Fernando is from Caracas. His family could afford a good art education for him in NYC, but then the failure of the country's economy led him and his siblings to search for opportunities abroad. He moved to Cancún, México, with his old girlfriend, but the change was harsh, and he broke up with her after a year. He got a highly paid job as a butler in a luxury resort and fell madly in love with a Mexican girl. He thought he had found the ideal partner, but she left him in Dec 2019, giving him “a taste of the same medicine,” he says, remembering the abrupt way he ended his previous relationship. 

“I got deeply depressed. I had to let go of the past, but I couldn't digest anything. I lost faith in love; perhaps I was blind and missed some signs.” A dark cloud oppressed him for months. He even stopped walking Mowgli, the dog he had rescued from the streets two years before: “He peed on the furniture around the house,” he says. 

Fernando felt a compelling need to vent his rage and started boxing. “I gave and received many punches while sparring, but I felt thankful, even when a girl broke my nose. There I found a good comradeship.” 
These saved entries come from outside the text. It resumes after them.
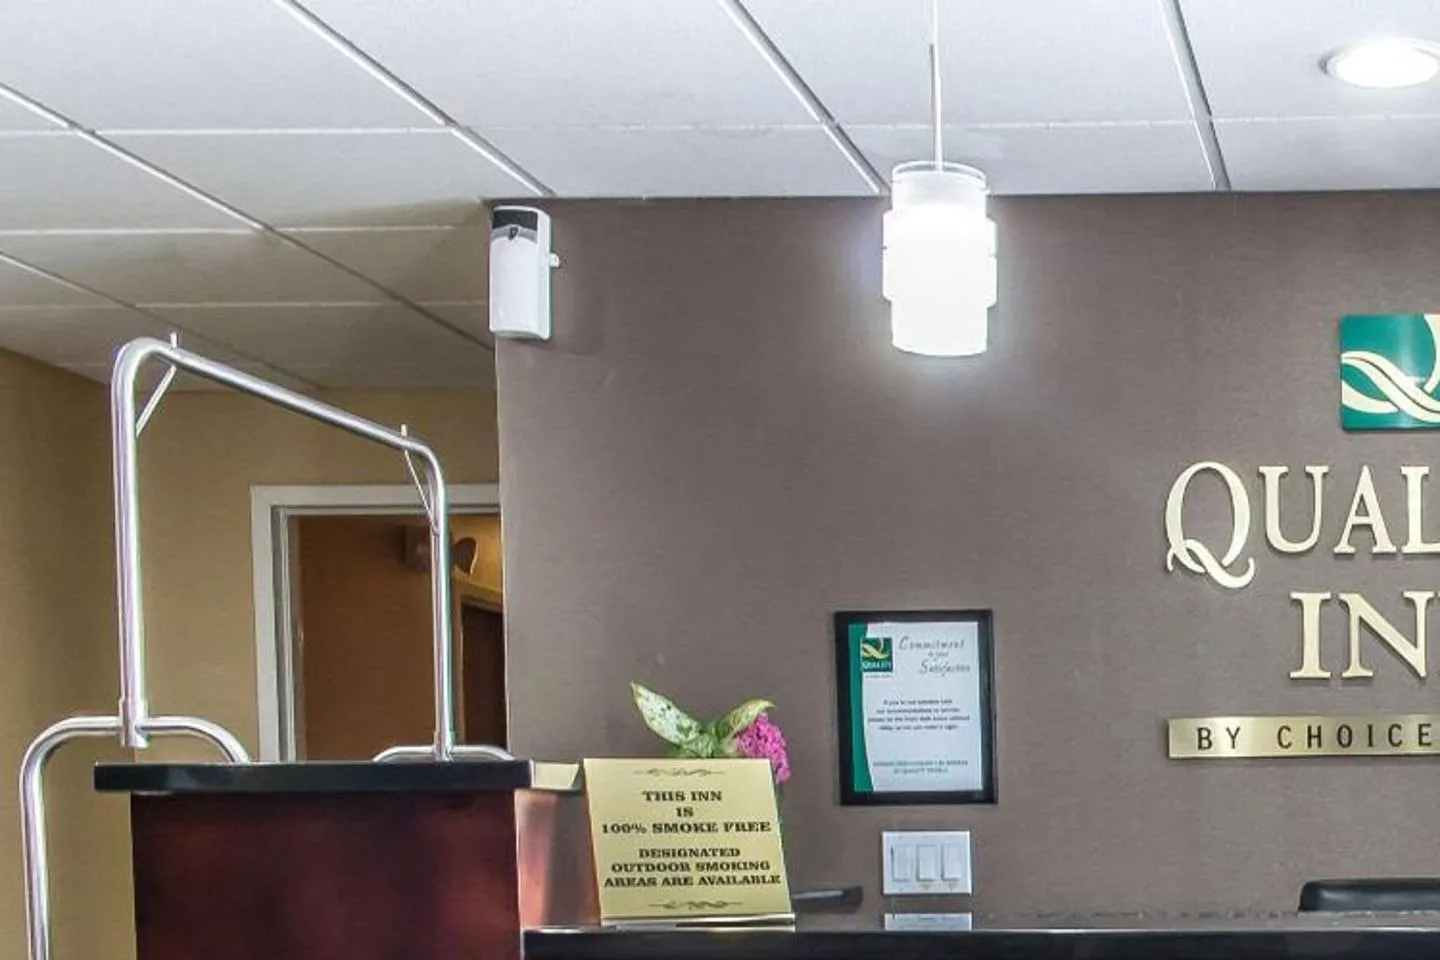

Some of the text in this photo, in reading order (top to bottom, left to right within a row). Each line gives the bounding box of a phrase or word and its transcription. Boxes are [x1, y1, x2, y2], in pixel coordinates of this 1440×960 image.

[1197, 726, 1241, 750] BY
[1277, 723, 1432, 749] CHOICE
[642, 790, 722, 802] THIS INN
[676, 807, 694, 818] IS
[602, 821, 772, 834] 100% SMOKE FREE
[638, 847, 741, 859] DESIGNATED
[611, 860, 770, 872] OUTDOOR SMOKING
[604, 875, 781, 887] AREAS ARE AVAILABLE
In March 2020, his boss announced to the employees that the tourists would stop coming and they would have to fire everyone in order of seniority. Fernando took the chance to go back to art, did some paid illustrations, and bought a bicycle for food home-delivery. “Cancún keeps being dead, and it's time to leave this nice house that haunts me, as I planned to live here with my girlfriend.” Eventually, I portray Fernando, but first, he puts on some earrings and, while I draw him, he tells me more of his story…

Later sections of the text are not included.